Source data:
——

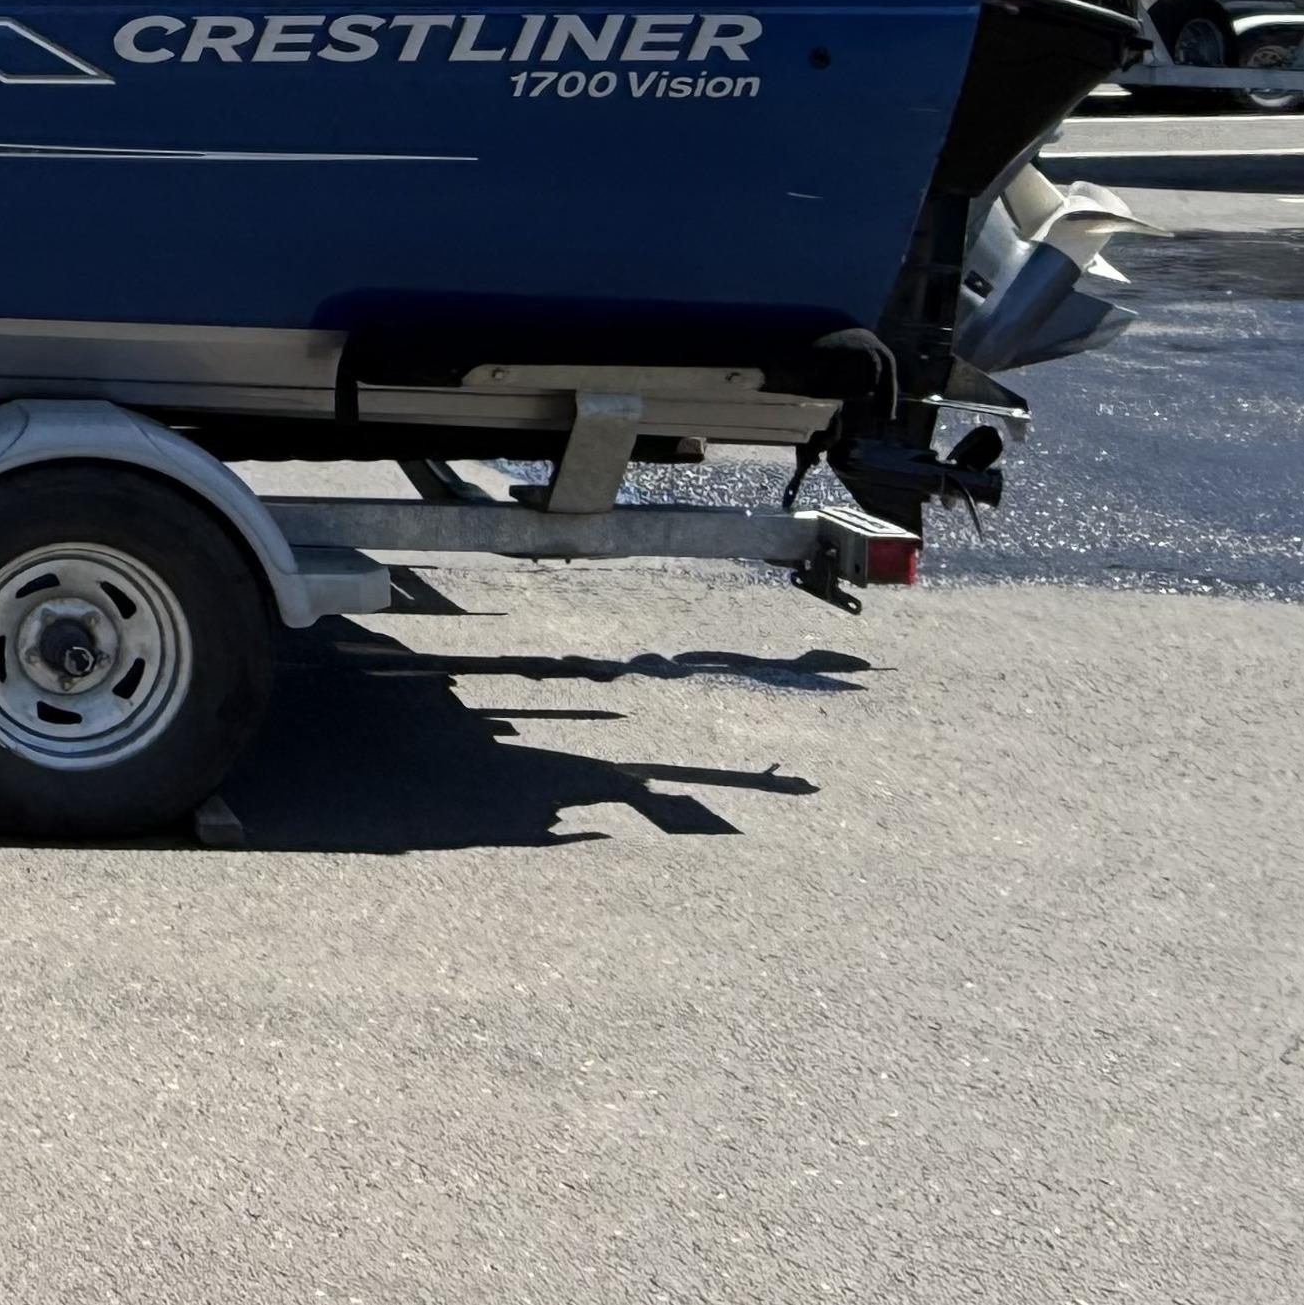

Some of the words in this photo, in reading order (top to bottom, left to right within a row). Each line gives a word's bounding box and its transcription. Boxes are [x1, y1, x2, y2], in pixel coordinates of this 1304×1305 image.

[113, 14, 763, 62] CRESTLINER
[509, 70, 617, 98] 1700
[628, 70, 761, 98] Vision
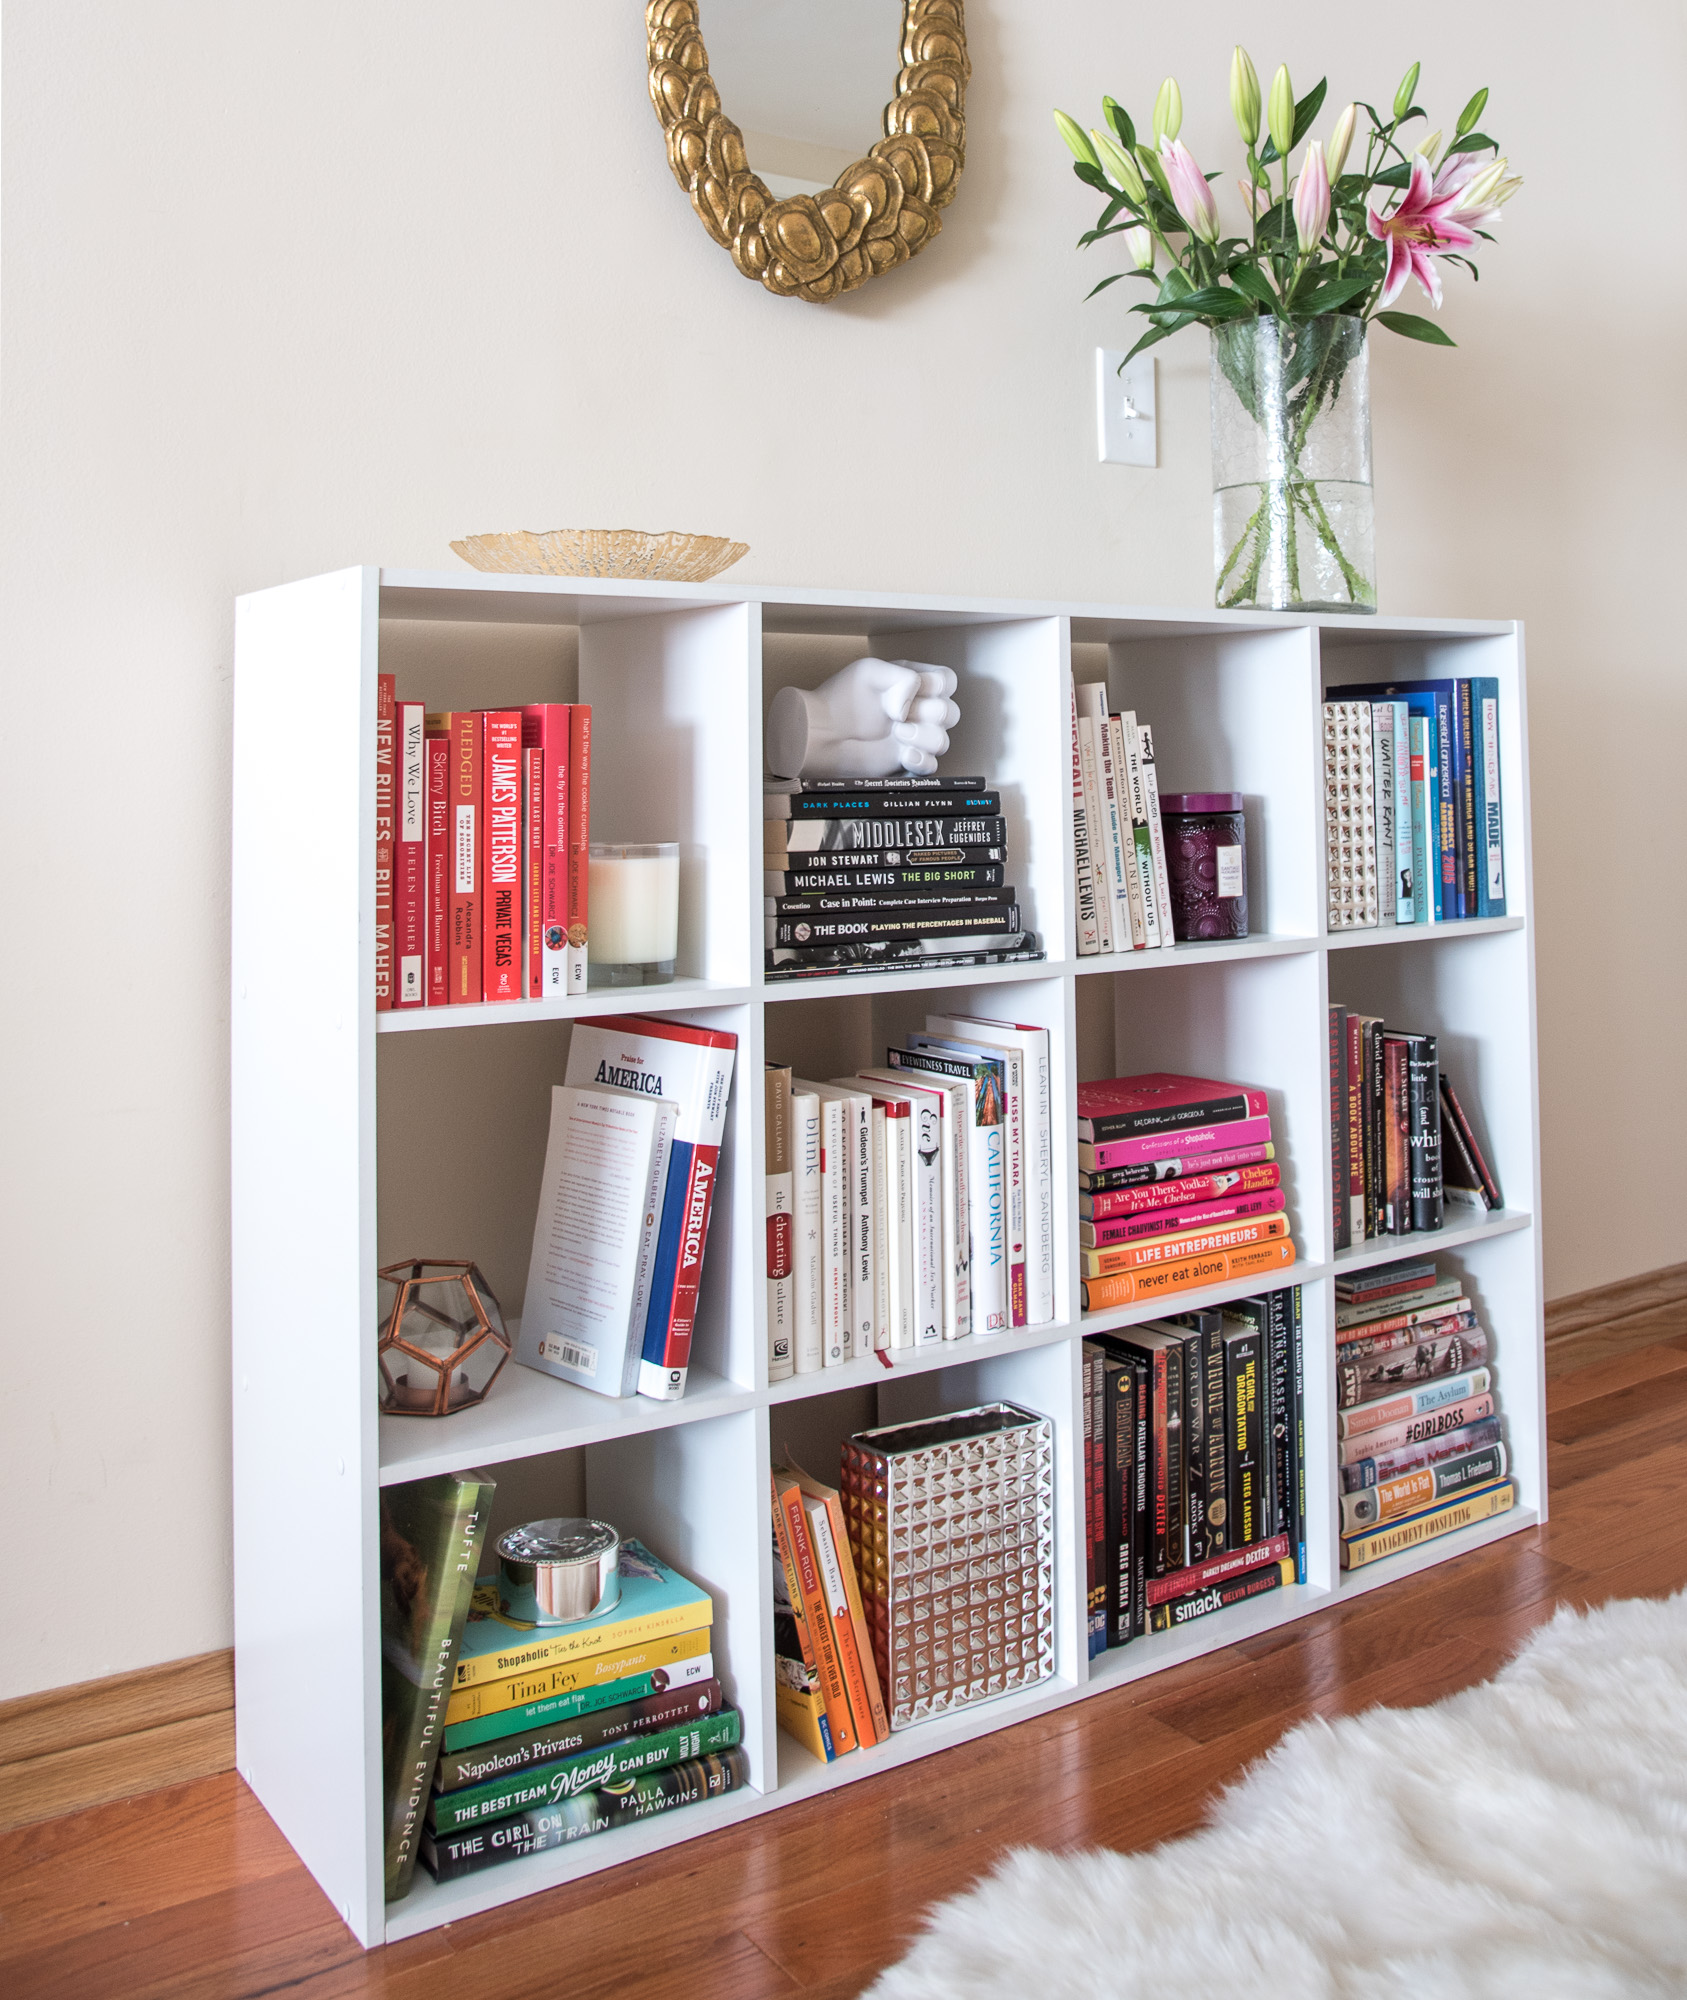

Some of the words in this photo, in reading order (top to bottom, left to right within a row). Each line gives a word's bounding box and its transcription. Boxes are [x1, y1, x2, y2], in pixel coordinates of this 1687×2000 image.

[407, 724, 420, 757] Why
[1101, 724, 1110, 757] Making
[407, 763, 419, 785] We
[431, 753, 446, 794] Skinny
[460, 720, 473, 796] PLEDGED
[1103, 760, 1112, 774] the
[1381, 739, 1392, 798] WAITER
[491, 754, 516, 802] JAMES
[557, 781, 565, 790] fly
[1105, 777, 1115, 799] Team
[1132, 775, 1142, 814] WORLD
[407, 791, 418, 824] Love
[433, 801, 446, 836] Bitch
[853, 821, 944, 848] MIDDLESEX
[950, 832, 991, 843] EUGENIDES
[954, 822, 986, 832] JEFFREY
[1382, 807, 1392, 850] RANT
[1487, 802, 1500, 848] MADE
[491, 807, 516, 883] PATTERSON
[1074, 809, 1091, 875] MICHAEL
[408, 847, 416, 892] HELEN
[808, 856, 827, 866] JON
[832, 855, 878, 865] STEWART
[902, 873, 920, 882] THE
[924, 872, 940, 881] BIG
[944, 871, 975, 880] SHORT
[1443, 855, 1454, 884] 2015
[795, 875, 851, 886] MICHAEL
[856, 874, 894, 885] LEWIS
[1142, 861, 1153, 909] WITHOUT
[495, 890, 512, 929] PRIVATE
[820, 899, 840, 908] Case
[842, 899, 849, 907] in
[851, 897, 876, 907] Point:
[1079, 877, 1095, 921] LEWIS
[407, 902, 416, 952] FISHER
[455, 907, 463, 945] Robbins
[465, 901, 474, 949] Alexandra
[814, 925, 836, 935] THE
[838, 923, 868, 934] BOOK
[1147, 913, 1154, 926] US
[495, 933, 512, 966] VEGAS
[621, 1054, 636, 1063] Praise
[899, 1054, 943, 1070] EYEWITNESS
[944, 1063, 971, 1077] TRAVEL
[595, 1060, 663, 1095] AMERICA
[775, 1082, 783, 1110] DAVID
[653, 1116, 667, 1166] ELIZABETH
[921, 1109, 937, 1141] Eve
[1012, 1129, 1019, 1145] MY
[805, 1118, 818, 1176] blink
[860, 1127, 869, 1165] Gideon's
[1012, 1150, 1020, 1187] TIARA
[1243, 1168, 1272, 1179] Chelsea
[1243, 1178, 1275, 1189] Handler
[649, 1171, 659, 1209] GILBERT
[776, 1192, 785, 1210] the
[858, 1167, 869, 1206] Trumpet
[987, 1132, 1003, 1266] CALIFORNIA
[1114, 1194, 1130, 1204] Are
[1133, 1188, 1149, 1200] You
[1153, 1184, 1179, 1197] There,
[1181, 1177, 1210, 1191] Vodka?
[1131, 1199, 1144, 1211] It's
[1146, 1198, 1161, 1208] Me,
[1164, 1192, 1195, 1204] Chelsea
[683, 1160, 713, 1268] AMERICA
[1102, 1228, 1127, 1241] FEMALE
[1128, 1220, 1163, 1235] CHAUVINIST
[1165, 1217, 1179, 1230] PIGS
[642, 1232, 651, 1251] EAT,
[773, 1216, 787, 1277] cheating
[859, 1214, 869, 1252] Anthony
[1136, 1248, 1161, 1263] LIFE
[1165, 1228, 1258, 1257] ENTREPRENEURS
[639, 1255, 648, 1280] PRAY,
[861, 1255, 870, 1281] Lewis
[1139, 1274, 1168, 1288] never
[1173, 1268, 1190, 1281] eat
[1194, 1262, 1222, 1277] alone
[636, 1285, 644, 1308] LOVE
[776, 1282, 786, 1325] culture
[1189, 1341, 1201, 1407] WORLD
[1419, 1394, 1435, 1407] The
[1437, 1385, 1466, 1402] Asylum
[1350, 1414, 1376, 1428] Simon
[1379, 1405, 1409, 1420] Doonan
[1405, 1409, 1464, 1443] #GIRLBOSS
[1137, 1421, 1146, 1461] PATELLAR
[1191, 1416, 1201, 1455] WAR
[1137, 1463, 1145, 1511] TENDONITIS
[1189, 1464, 1203, 1481] Z
[1242, 1472, 1251, 1498] STIEG
[1243, 1501, 1251, 1541] LARSSON
[1371, 1525, 1423, 1556] MANAGEMENT
[1426, 1508, 1470, 1536] CONSULTING
[456, 1511, 479, 1572] TUFTE
[789, 1505, 806, 1551] FRANK
[800, 1556, 814, 1589] RICH
[819, 1520, 833, 1566] Sebastian
[828, 1569, 838, 1593] Barry
[1119, 1543, 1129, 1569] GREG
[1245, 1547, 1269, 1565] DEXTER
[814, 1600, 822, 1612] THE
[1118, 1574, 1128, 1608] RUCKA
[1176, 1589, 1222, 1622] smack
[1223, 1585, 1245, 1603] MELVIN
[1247, 1576, 1276, 1594] BURGESS
[815, 1614, 829, 1644] GREATEST
[497, 1647, 549, 1669] Shopaholic
[595, 1654, 646, 1675] Bossypants
[687, 1666, 701, 1676] ECW
[821, 1645, 832, 1664] STORY
[508, 1680, 546, 1702] Tina
[551, 1671, 579, 1696] Fey
[826, 1665, 837, 1681] EVER
[419, 1639, 452, 1749] BEAUTIFUL
[526, 1707, 536, 1716] let
[537, 1703, 557, 1714] them
[558, 1700, 570, 1708] eat
[571, 1694, 585, 1704] flax
[829, 1682, 841, 1699] SOLD
[602, 1723, 629, 1737] TONY
[633, 1705, 689, 1728] PERROTTET
[823, 1729, 832, 1750] COMICS
[457, 1744, 530, 1780] Napoleon's
[532, 1733, 582, 1758] Privates
[455, 1809, 479, 1823] THE
[481, 1795, 512, 1814] BEST
[514, 1786, 546, 1805] TEAM
[548, 1754, 616, 1803] Money
[619, 1758, 644, 1771] CAN
[646, 1748, 669, 1763] BUY
[620, 1787, 664, 1808] PAULA
[396, 1761, 427, 1863] EVIDENCE
[635, 1789, 698, 1816] HAWKINS
[449, 1837, 483, 1859] THE
[492, 1825, 534, 1847] GIRL
[539, 1814, 562, 1830] ON
[513, 1837, 546, 1855] THE
[557, 1817, 609, 1842] TRAIN
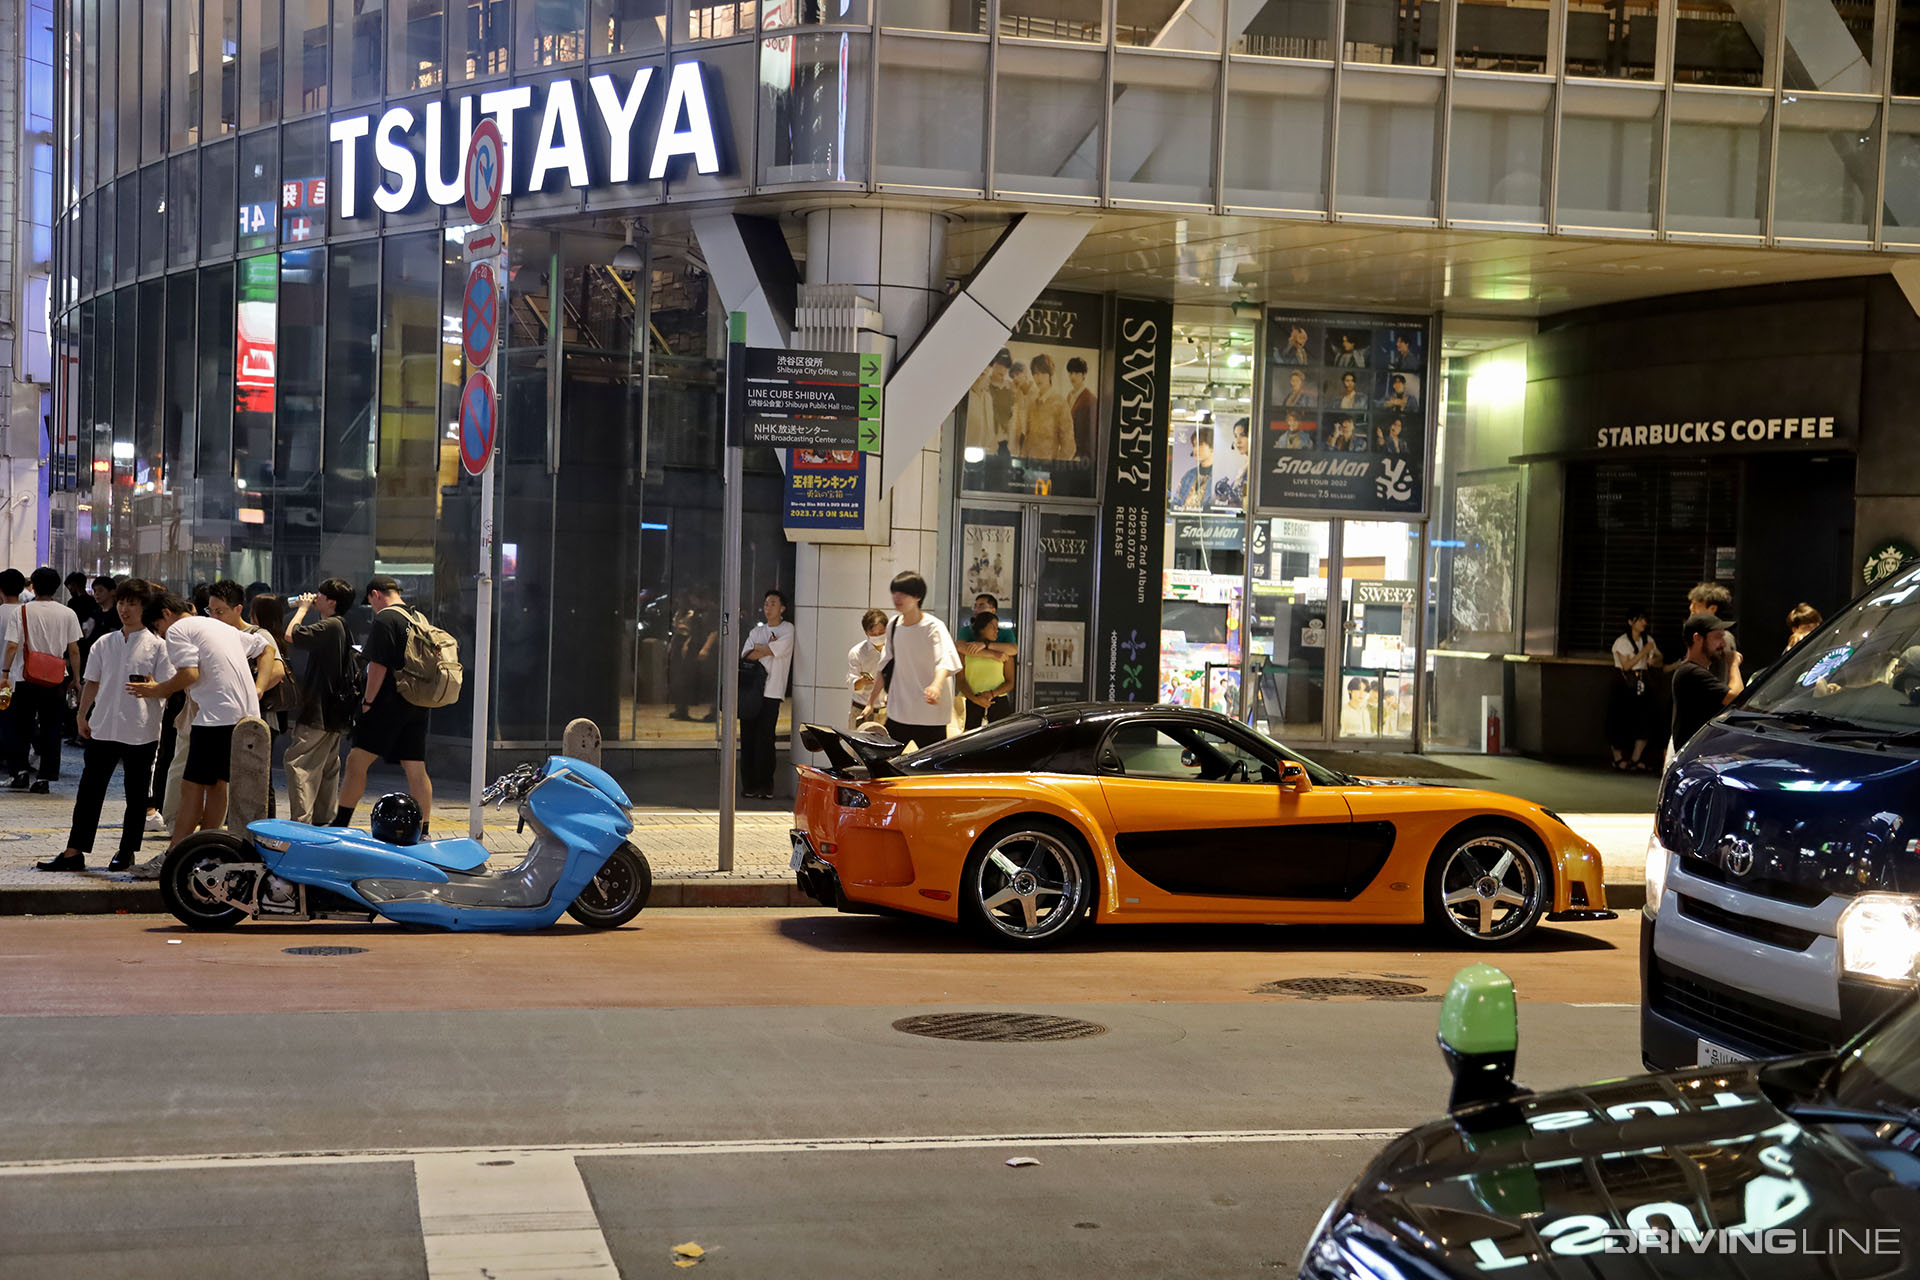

——

• ABOUT THIS EXERCISE:
Pull out each line of the entries that contains "bounding".

• ANSWER TO THE EXERCISE:
Some of the words in this photo, in reading order (top to bottom, left to right within a row). Each line gives a word's bounding box and its transcription. Boxes are [x1, y1, x2, y2], in pixel coordinates of this 1304×1305 image.
Some of the words in this photo, in reading order (top to bottom, left to right within a row). Each line gives a word's bounding box and its transcription. Boxes are [x1, y1, x2, y2], in pixel coordinates of this 1687×2000 image.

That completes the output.